Electromagnetic forming facilitates the transition of deformation mechanism in 5052 aluminum alloy

Abstract

The identification of different deformation mechanisms in aluminum alloy under high-velocity electromagnetic forming and mechanical forming is a daunting task, due to the limitations in performing identical experimental conditions. Here, we present a special strategy to achieve electromagnetic and mechanical deformations with equivalent strain and strain rate. The intriguing finding is that the deformation mechanism of 5052 aluminum alloy is dominated by planar slip in mechanical deformation versus wavy slip in electromagnetic forming. The physical origin of the phenomenon is rationalized according to theoretical analysis coupled with finite-element-method simulation.
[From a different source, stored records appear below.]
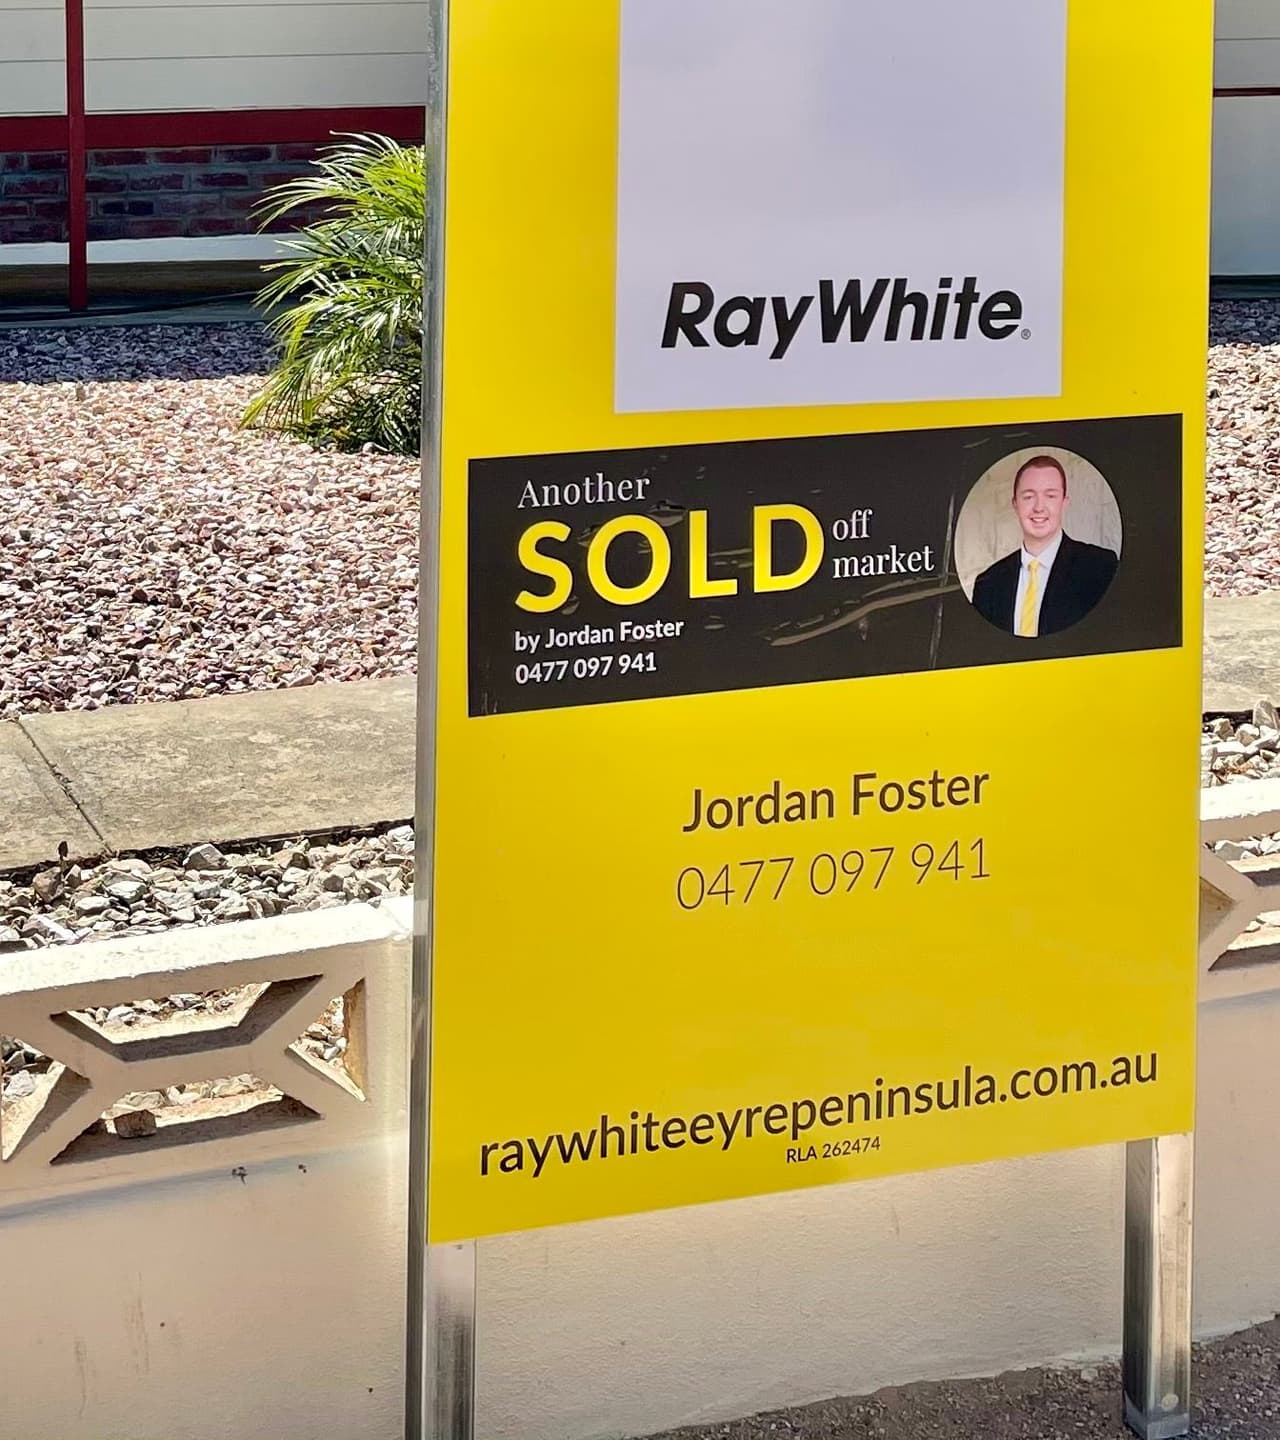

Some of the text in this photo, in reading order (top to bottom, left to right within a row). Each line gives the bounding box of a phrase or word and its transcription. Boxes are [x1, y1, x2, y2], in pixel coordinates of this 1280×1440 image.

[517, 474, 650, 509] Another
[832, 510, 872, 541] off
[514, 503, 826, 614] SOLD
[832, 544, 935, 580] market
[514, 618, 685, 653] by Jordan Foster
[514, 652, 658, 685] 0477 097 941
[682, 768, 991, 833] Jordan Foster
[677, 837, 991, 910] 0477 097 941
[479, 1052, 1159, 1177] raywhiteeyrepeninsula.com.au
[786, 1136, 881, 1164] RLA 262474
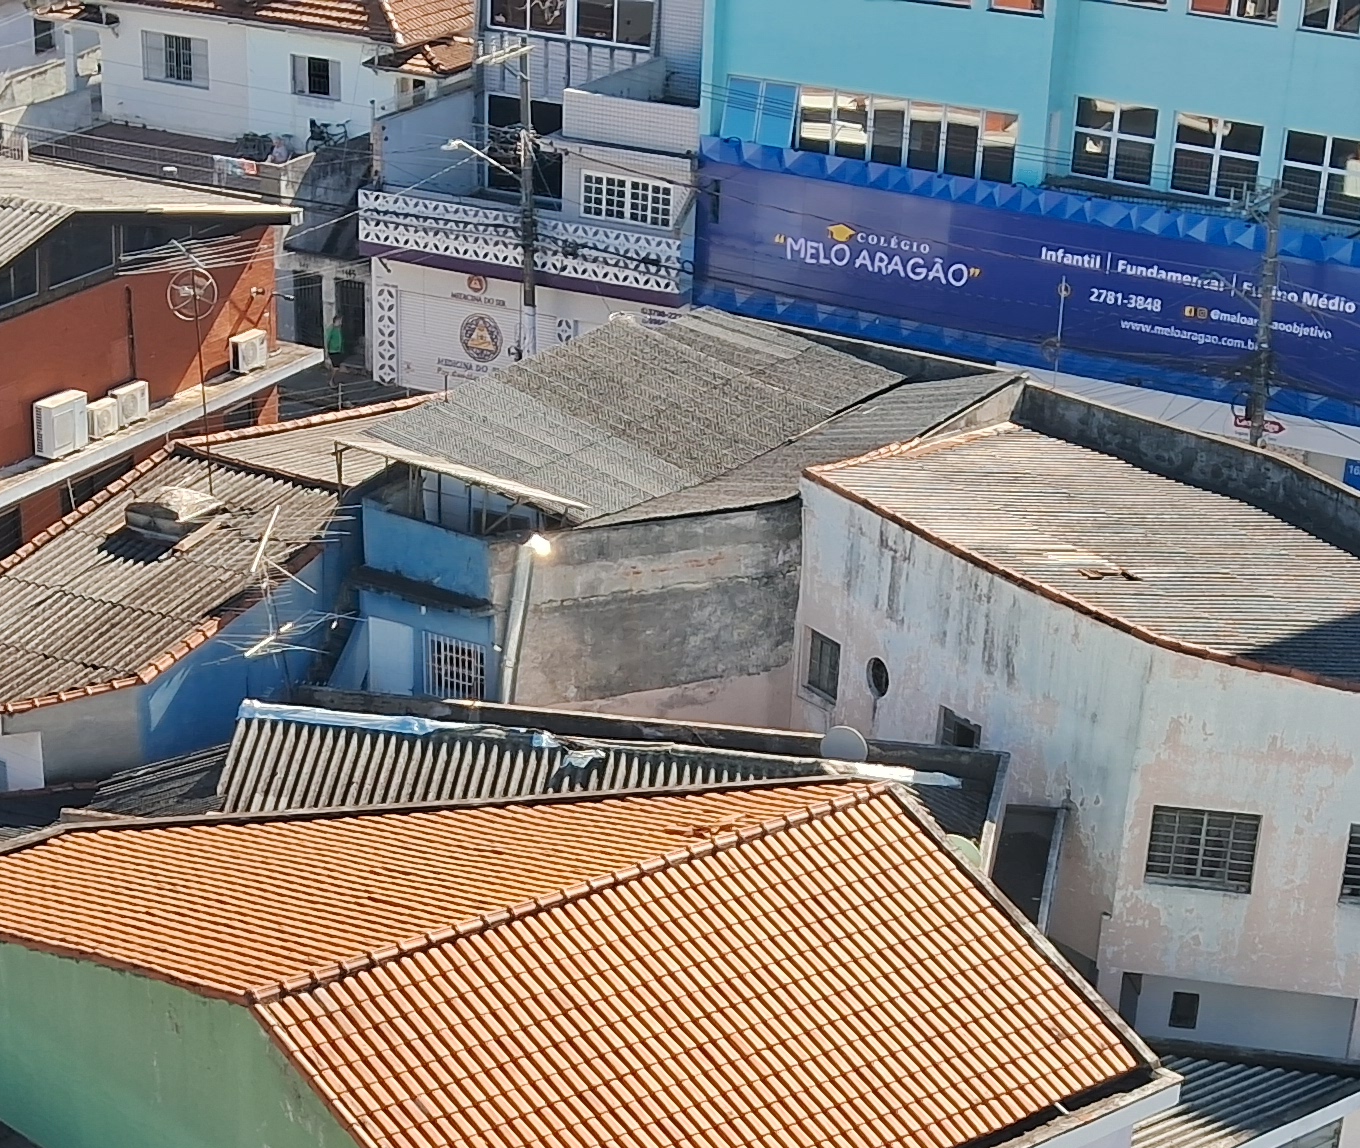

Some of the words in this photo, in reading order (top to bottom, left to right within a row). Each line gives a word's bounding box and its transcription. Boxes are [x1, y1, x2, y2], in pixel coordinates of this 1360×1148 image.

[856, 231, 931, 254] COLÉGIO
[1040, 246, 1101, 269] Infantil
[1302, 290, 1357, 313] Médio
[1089, 288, 1162, 312] 2781-3848
[1210, 309, 1332, 340] @meloaraoobjetivo
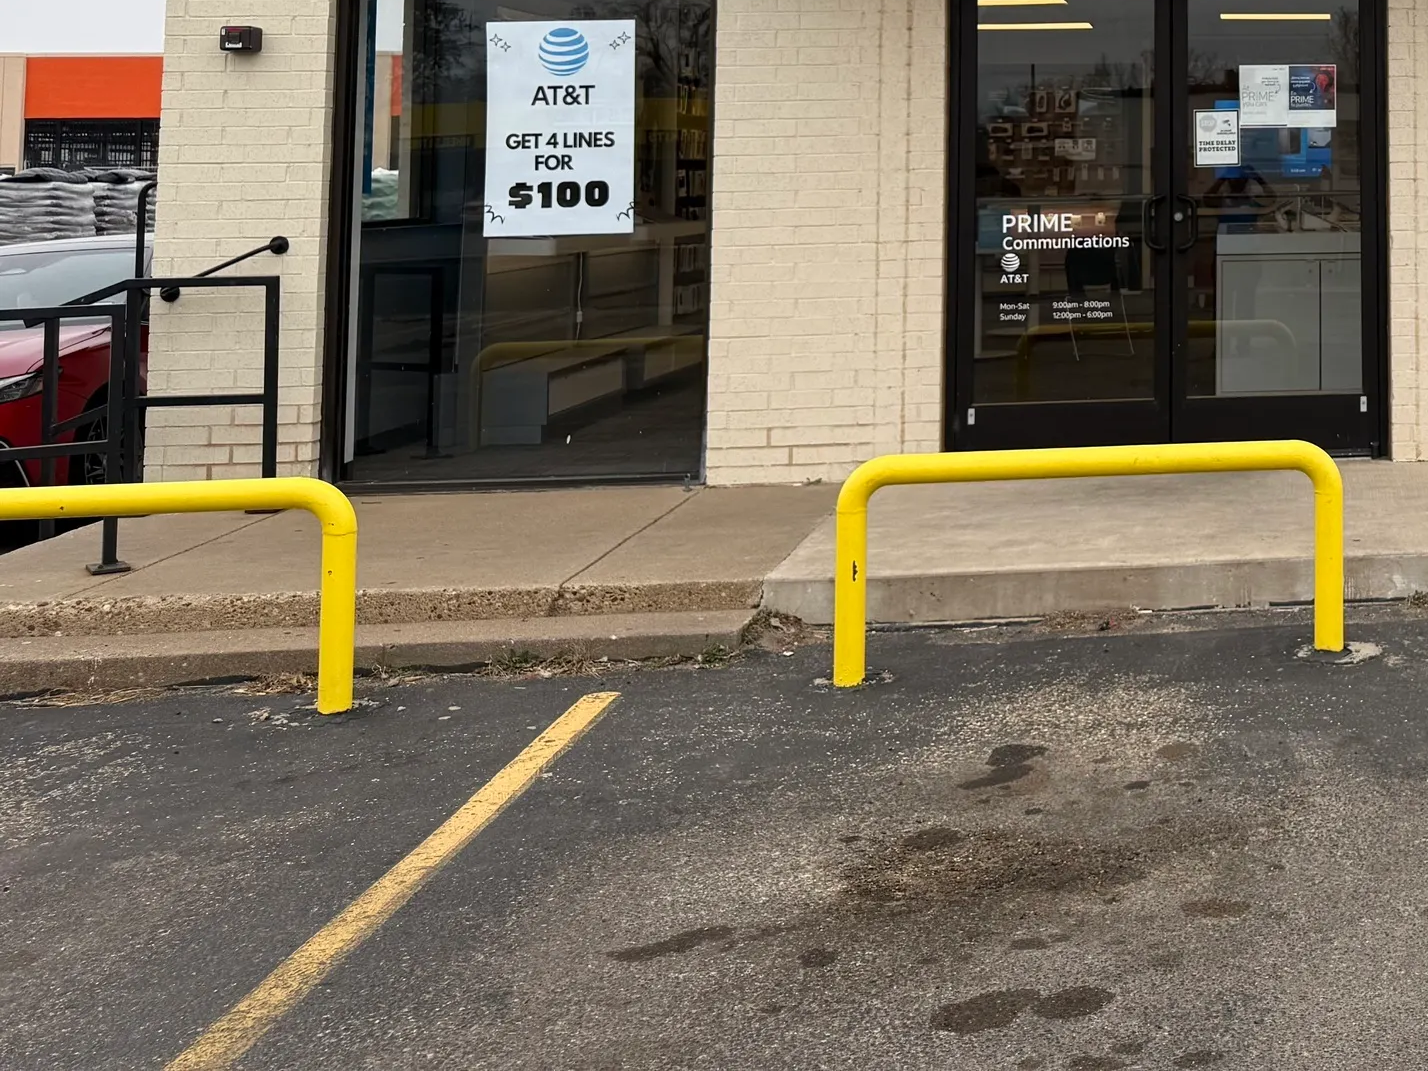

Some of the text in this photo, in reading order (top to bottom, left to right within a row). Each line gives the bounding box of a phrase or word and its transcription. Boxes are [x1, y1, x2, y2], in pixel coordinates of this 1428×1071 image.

[531, 85, 596, 107] AT&T
[1290, 95, 1315, 103] PRIME
[505, 131, 615, 150] GET 4 LINES
[534, 154, 574, 171] FOR
[508, 180, 610, 209] $100
[1002, 213, 1074, 233] PRIME
[1002, 234, 1130, 250] Communications
[1000, 274, 1030, 284] AT&T
[1000, 302, 1030, 310] Mon-Sat
[1000, 313, 1026, 322] Sunday
The finite-element-method simulation presents planar and spatial force in the aluminum alloy during mechanical deformation and electromagnetic forming, respectively. The theoretical analysis reveals that under mechanical deformation with planar force, the destruction of short range cluster on the activate glide planes reduces the local resistance of dislocation motion and facilitates the planar slip. By contrast, the collective motion of dislocations in three dimensions caused by spatial force under electromagnetic forming facilitates the wavy slip that is represented by the dislocation cell structures. Our findings provide an effective method and fundamental understanding for unveiling various deformation mechanisms in aluminum alloy under electromagnetic and mechanical processing.